Between February of 2016 and January of this year, the company logged 81 conversations with designated public-office holders on the subject of “justice and law enforcement.” But this log does not specify the number of times DPAs were discussed. In a more detailed part of the registry, only SNC-Lavalin and the Business Council listed DPA legislation as an area of interest.

“Once you’re in the glue, as SNC clearly was, then of course they’re the most active on it,” Mr. Manley said.

Because of loopholes in the federal Lobbying Act, there are limitations on what can be known about SNC-Lavalin’s campaign. Only arranged conversations must be logged, so if an executive bumped into a designated public-office holder at, say, a restaurant, the interaction might well go unlisted. This would be both above board and off the books. It is the lobbyist that must register the conversations. There is no evidence that SNC-Lavalin did anything illegal in its quest for a DPA.

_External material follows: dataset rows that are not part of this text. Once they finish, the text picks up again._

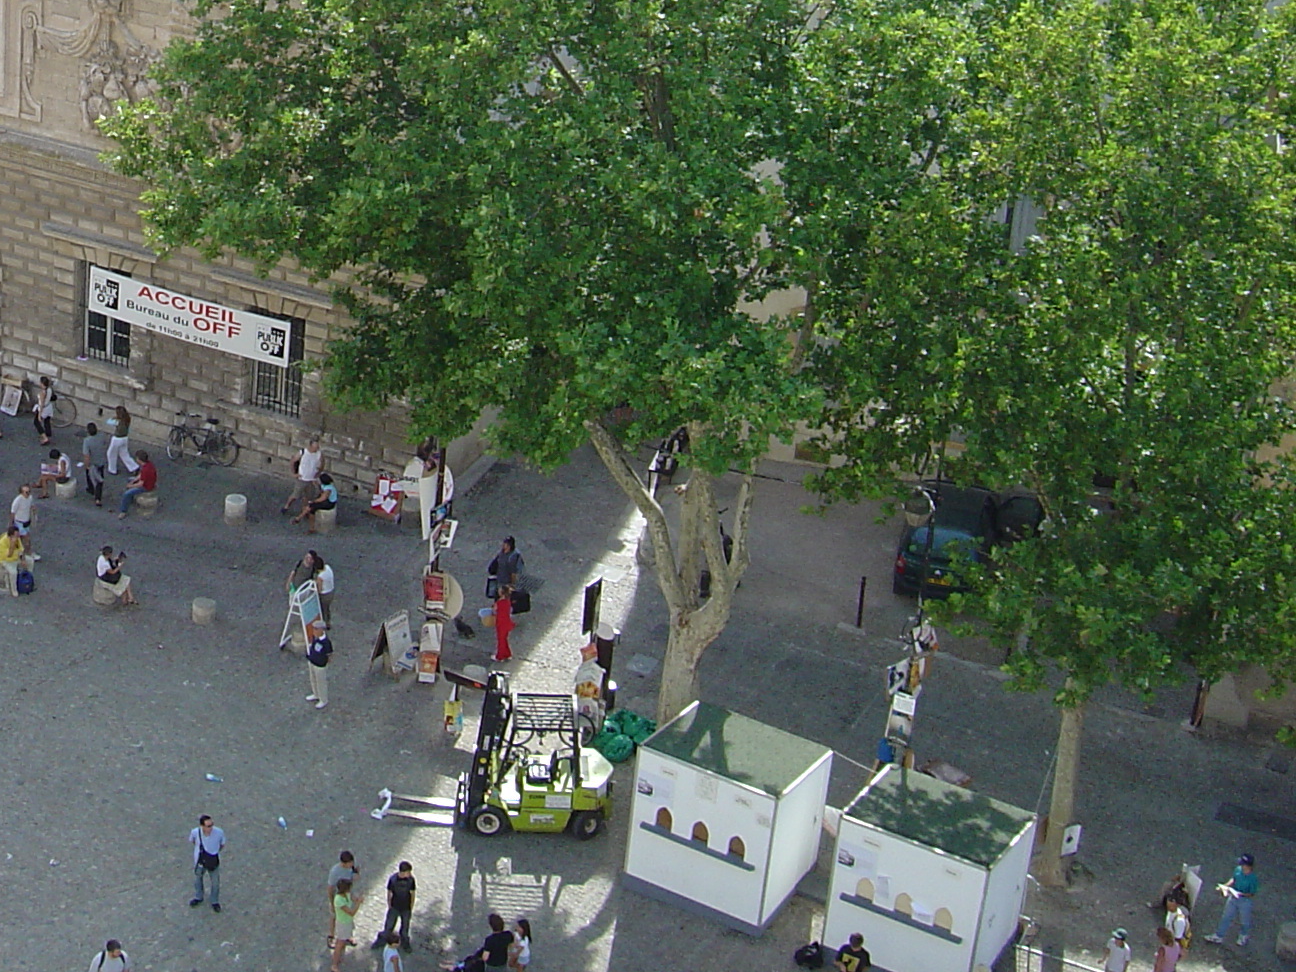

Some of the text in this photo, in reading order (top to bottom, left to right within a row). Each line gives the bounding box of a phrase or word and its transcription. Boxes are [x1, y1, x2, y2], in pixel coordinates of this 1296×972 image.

[126, 299, 242, 338] Bureau du OFF
[138, 286, 242, 326] ACCUEIL
[146, 321, 156, 329] de
[158, 325, 183, 338] 11h00
[192, 335, 220, 348] 21h00
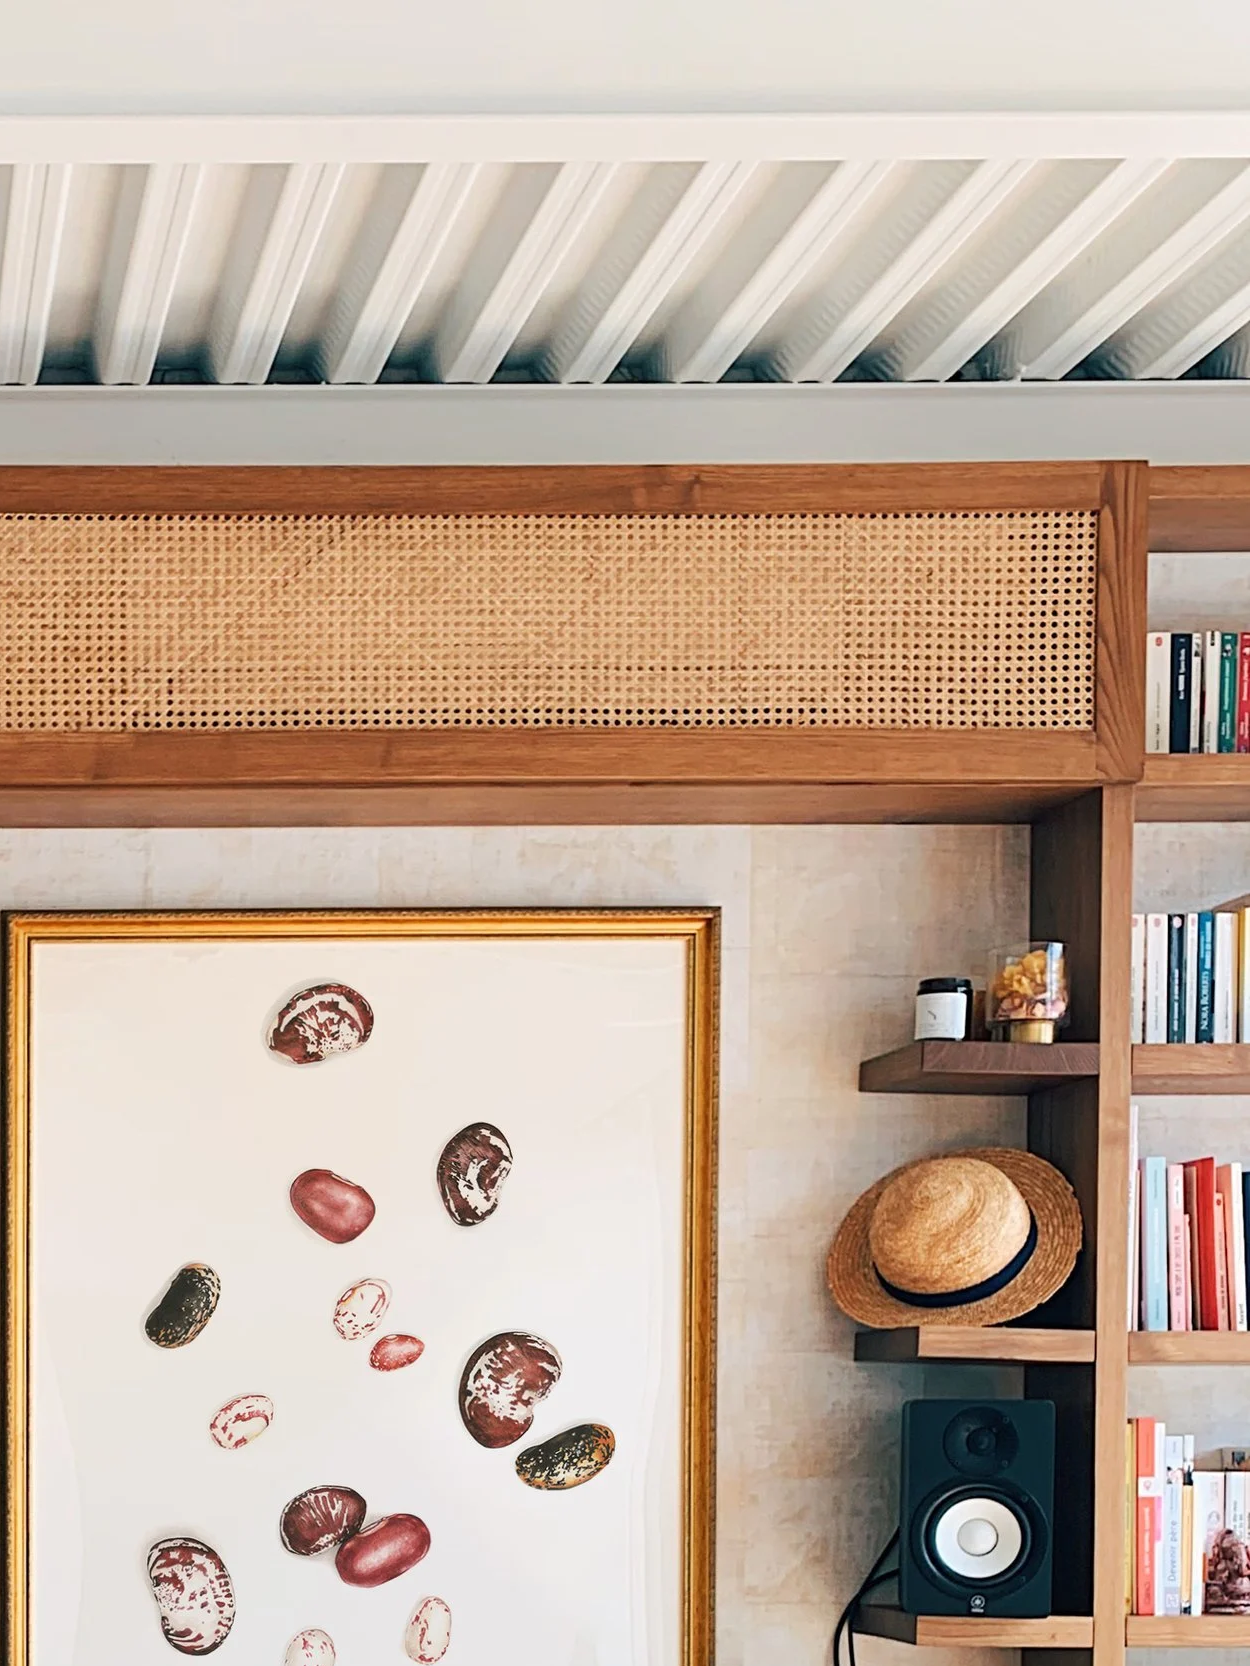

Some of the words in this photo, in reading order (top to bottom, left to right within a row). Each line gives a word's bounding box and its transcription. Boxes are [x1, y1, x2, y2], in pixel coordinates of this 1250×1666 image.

[1200, 971, 1209, 1005] ROBERTS
[1201, 1006, 1209, 1030] NORA
[1167, 1520, 1179, 1542] père
[1168, 1545, 1176, 1581] Devenir

Of the company’s 81 registered conversations on “justice and law enforcement,” 15 were with Mr. Bouchard, the senior Quebec adviser in the PMO; nine were with Mr. Marques, first when he was chief of staff to Mr. Bains and later as a senior PMO adviser; four were with Barbara Glover, who was at the time an assistant deputy minister for Public Services and Procurement; three were with Mr. Bains; three were with David MacNaughton, Canada’s ambassador to the U.S. and a co-chair of the Liberals’ 2015 election campaign; and two were with Robert Asselin, who was then policy and budget director for Finance Minister Bill Morneau. The company also met once each with Mr. Morneau; Gerald Butts, who was the Prime Minister’s principal secretary; and then-Privy Council clerk Mr. Wernick. (Mr. Butts stepped aside in February, saying the accusations of political interference were distracting from the Prime Minister’s work. Mr. Wernick resigned in March, saying he had lost the “trust and respect” of the opposition parties.)

The Globe reached out to more than two dozen people, directly or through their offices, who were listed on the registry as having been lobbied by SNC-Lavalin. Some declined to provide details of what was discussed, including the PMO, the Department of Finance, Mr. Bains, Mr. MacNaughton, and cabinet ministers Jim Carr and François-Philippe Champagne. Some said the issue of DPAs was not raised. Some did not respond.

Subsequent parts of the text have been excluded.